Activity.
Everything in the records except the pictures should come back exactly as written.

Task inputs.

----------

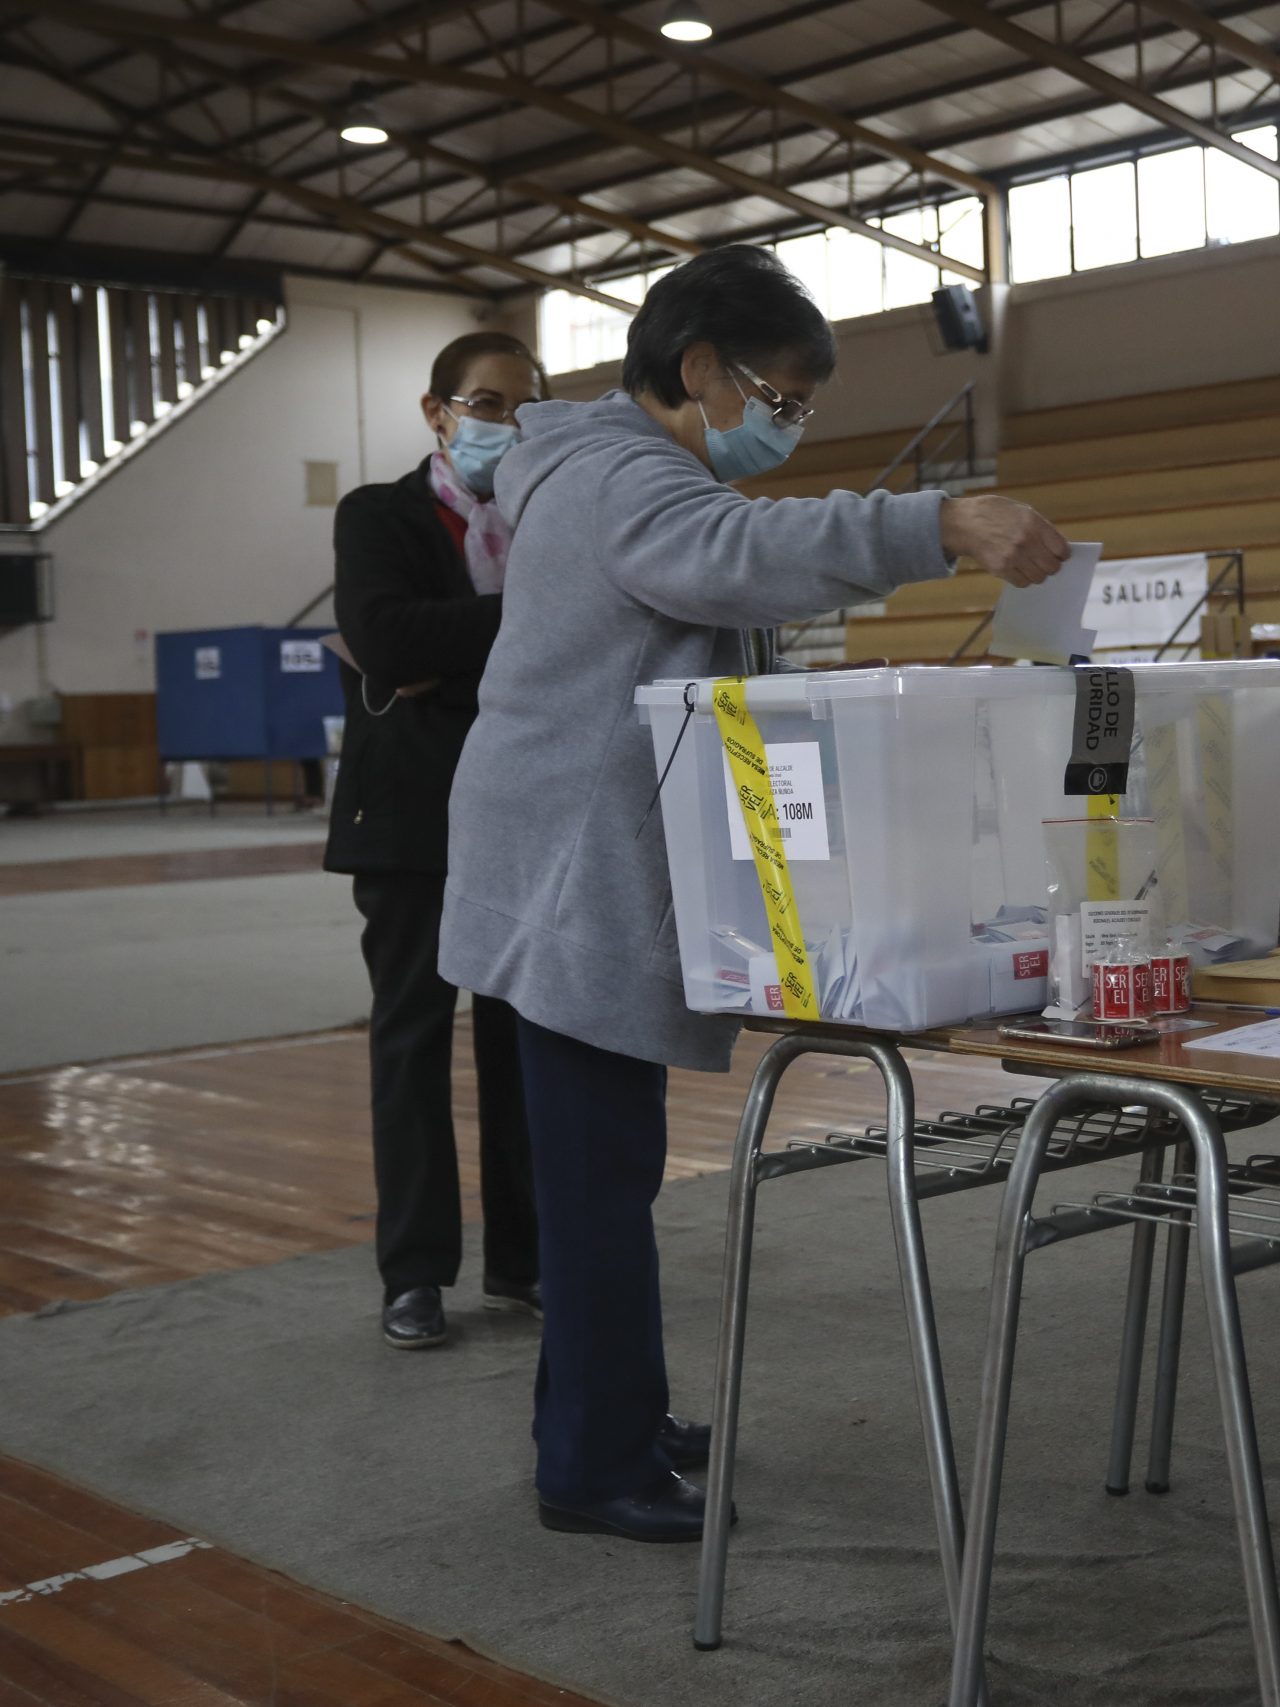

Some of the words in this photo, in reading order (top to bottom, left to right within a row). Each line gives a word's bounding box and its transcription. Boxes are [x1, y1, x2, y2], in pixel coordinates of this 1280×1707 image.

[1103, 580, 1183, 605] SALIDA
[1086, 670, 1103, 750] URIDAD
[1103, 711, 1119, 737] DE
[745, 794, 764, 811] VEL
[782, 802, 813, 820] 108M
[1019, 955, 1031, 977] SER
[1105, 973, 1127, 989] SER
[769, 986, 782, 1009] SER
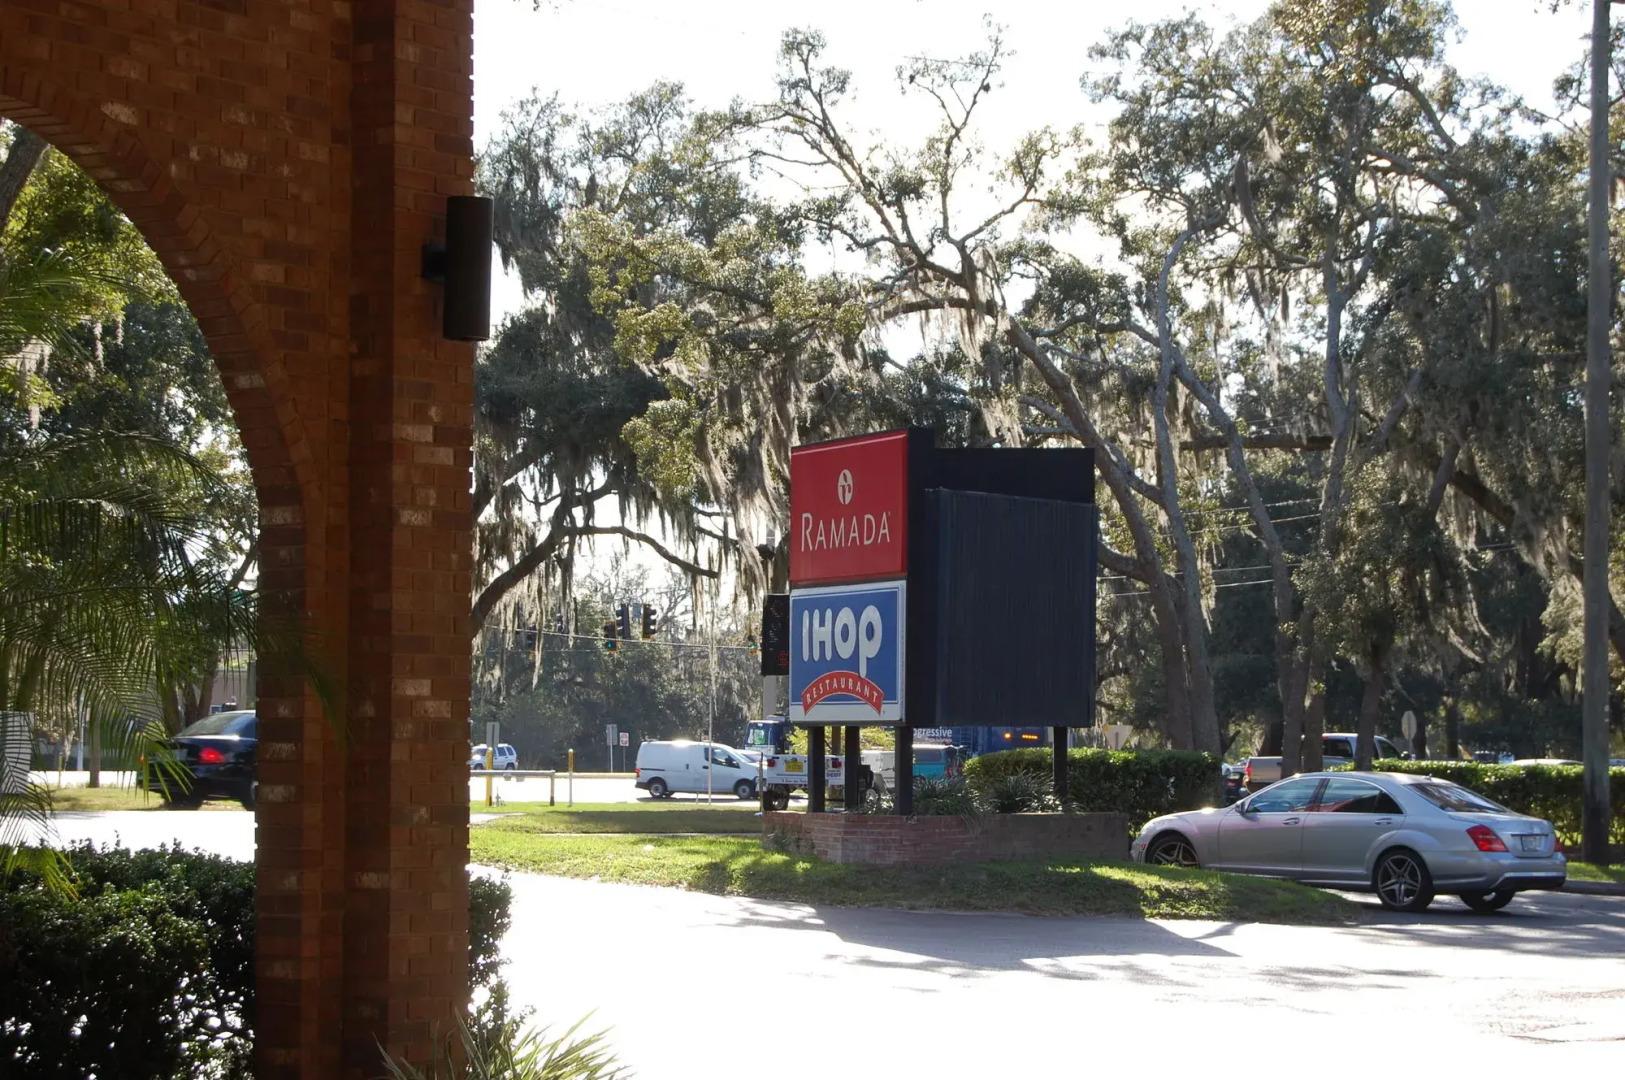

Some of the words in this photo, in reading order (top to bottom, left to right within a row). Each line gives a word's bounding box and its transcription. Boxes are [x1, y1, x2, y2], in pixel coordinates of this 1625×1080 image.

----------

Answer.
Some of the words in this photo, in reading order (top to bottom, left to right within a row). Each line gives a word's bounding box and its transcription. Boxes are [x1, y1, x2, y2], in pixel coordinates of this 1280×1707 image.

[1103, 580, 1183, 605] SALIDA
[1086, 670, 1103, 750] URIDAD
[1103, 711, 1119, 737] DE
[745, 794, 764, 811] VEL
[782, 802, 813, 820] 108M
[1019, 955, 1031, 977] SER
[1105, 973, 1127, 989] SER
[769, 986, 782, 1009] SER

Some of the words in this photo, in reading order (top to bottom, left to right within a row). Each line gives a word's bounding box and its transcription. Boxes are [x1, y1, x2, y2], in pixel coordinates of this 1625×1080 image.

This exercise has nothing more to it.